Qui l’intervento poteva essere fatto. Certo, con delle compensazioni, delle coperture necessarie da mettere a bilancio. Magari si sarebbero potuti tassare gli extraprofitti del 100%, recuperare il maltolto alla società da parte di enormi aziende che hanno speculato nel corso della pandemia e dell’anno di guerra che sta per scoccare, finanziando così, per l’appunto, il taglio delle vecchissime tasse che il nostro Paese ha ancora su petrolio e gas vari.

Proprio ieri si scriveva della naturale impossibilità, congenita per definizione stessa, corrispondente all’essenza della destra nostrana, fascista o post-fascista che sia, di adempiere alla risoluzione delle problematiche sociali rimanendo forza di governo liberista, pienamente aderente ai dettami dell’Europa di Bruxelles e Francoforte sul piano economico, assolutamente alleantista con la NATO sul terreno della guerra imperialista contro l’altro imperialismo, quello russo putiniano.

Non è una schematizzazione artefatta, ma una constatazione de facto. Assolutamente reale e concreta: il vecchio armamentario fintamente sociale del MSI non è arrivato in eredità ad AN prima e a Fratelli d’Italia poi.

Le destre reazionarie sono rimaste tali, recuperando persino la fiamma tricolore, non avvicinandosi nemmeno lontanamente ad una accettazione dichiarata dell’antifascismo repubblicano, del costituzuonalismo resistente, dell’essenza democratica dello Stato rinato dalle macerie in cui Mussolini et similia avevano precipito l’Italia dal 1940 al 1945.

Siamo ancora nell’occasione della vita per Giorgia Meloni: quella di essere arrivata al governo del Paese dopo aver condotto abilmente il suo partito da percentuali piccolissime alle soglie del 30%, livello di accessibilità alla maggioranza assoluta de iure, grazie alle leggi elettorali convenientemente adattate di volta in volta alle dimensioni presumibilmente elettorali dei soggetti che si possono coalizzare e che aspirano a governare, mentre de facto le spetterebbe sì la maggioranza ma quella relativa.

Berlusconi non perde tempo e infierisce: «E’ il primo errore di Giorgia». Accidenti alle accise!
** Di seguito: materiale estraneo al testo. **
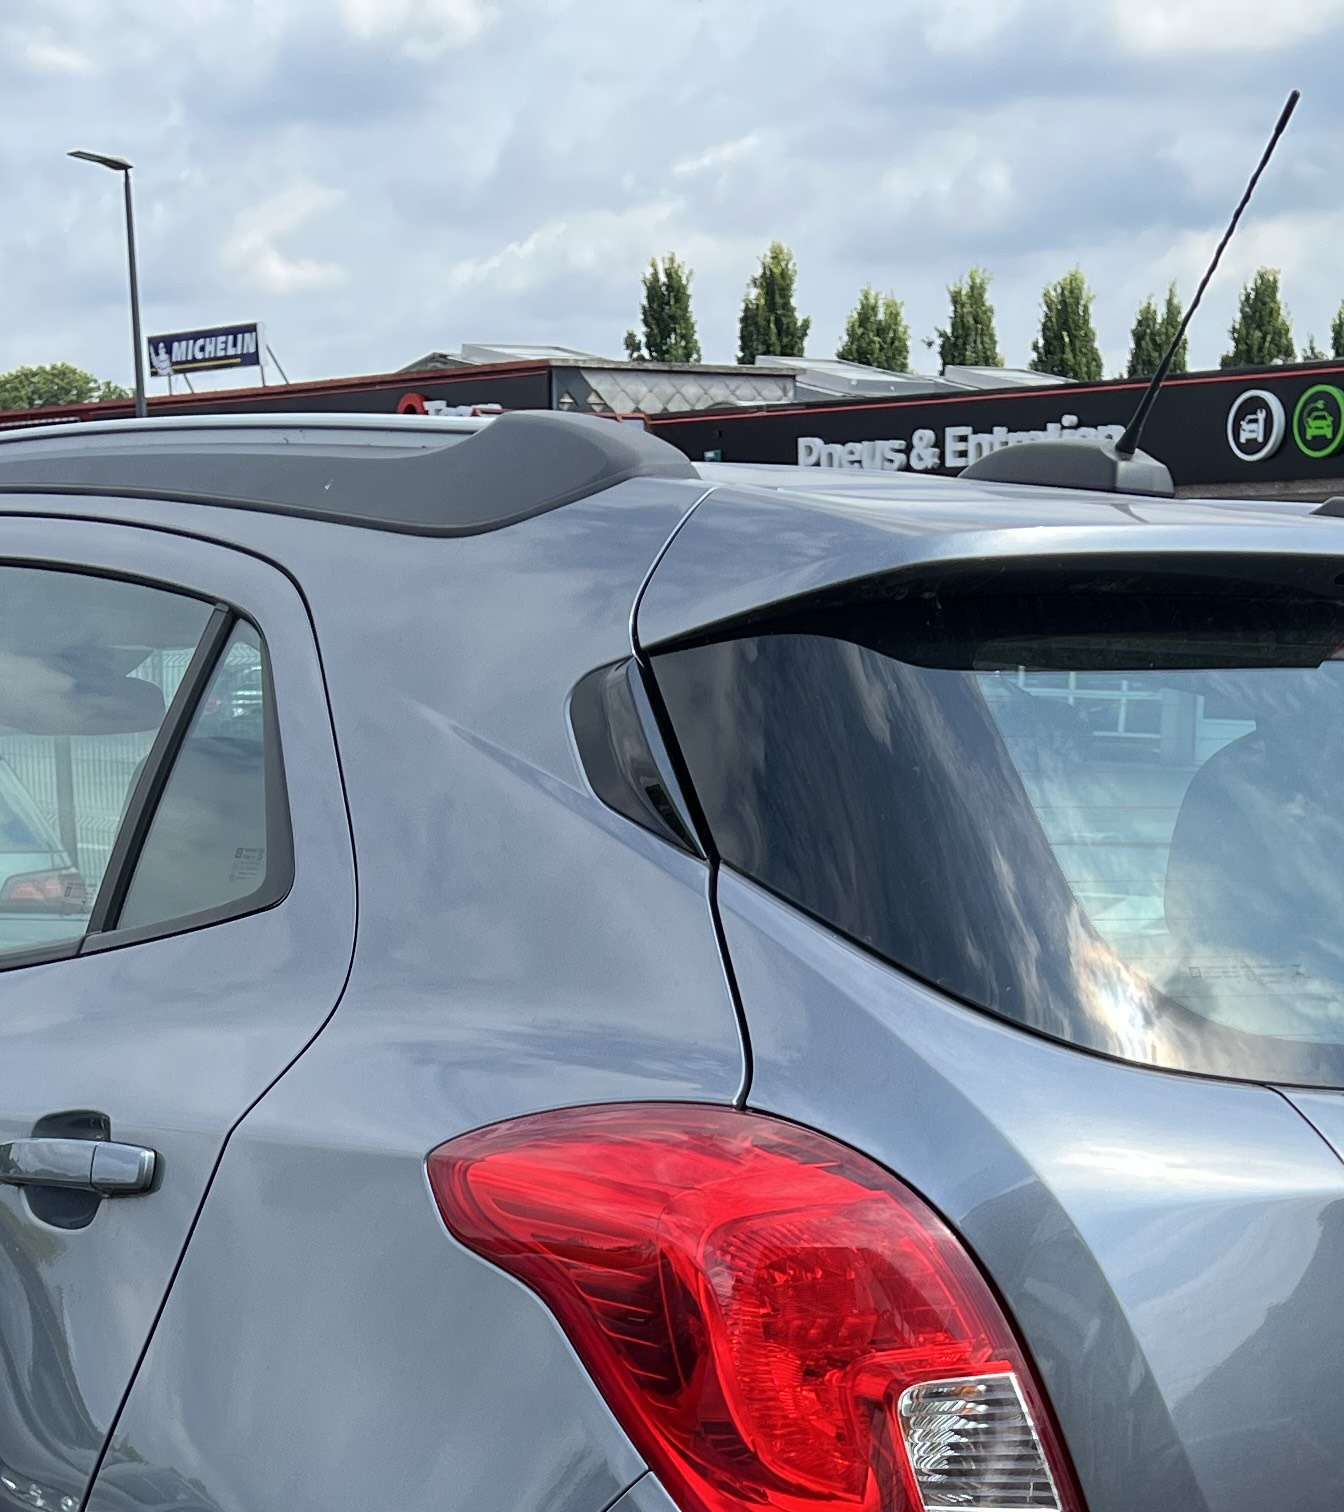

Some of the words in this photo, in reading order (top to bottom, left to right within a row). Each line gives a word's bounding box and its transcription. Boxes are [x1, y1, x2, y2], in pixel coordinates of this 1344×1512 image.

[171, 332, 257, 362] MICHELIN
[797, 436, 907, 472] Pneus
[909, 428, 941, 470] &
Una sottovalutazione? Può essere. Molto meno credibile la “svista” sui conti, sugli interventi per contenere il costo dei carburanti che sono sfuggiti all’occhio vigile ed attento di Giorgietti e di Meloni.

Se ne deduce che, nonostante la premier si affretti a dichiarare a mille telecamere serali, praticamente su tutti i telegiornali, che la maggioranza lavora spedita e che, quindi, vanno tutto d’amore e d’accordo, il governo inciampa vistosamente su una misura che è la quinta essenza dello scontro tra percezione politica dei cittadini e realtà politica dell’esecutivo.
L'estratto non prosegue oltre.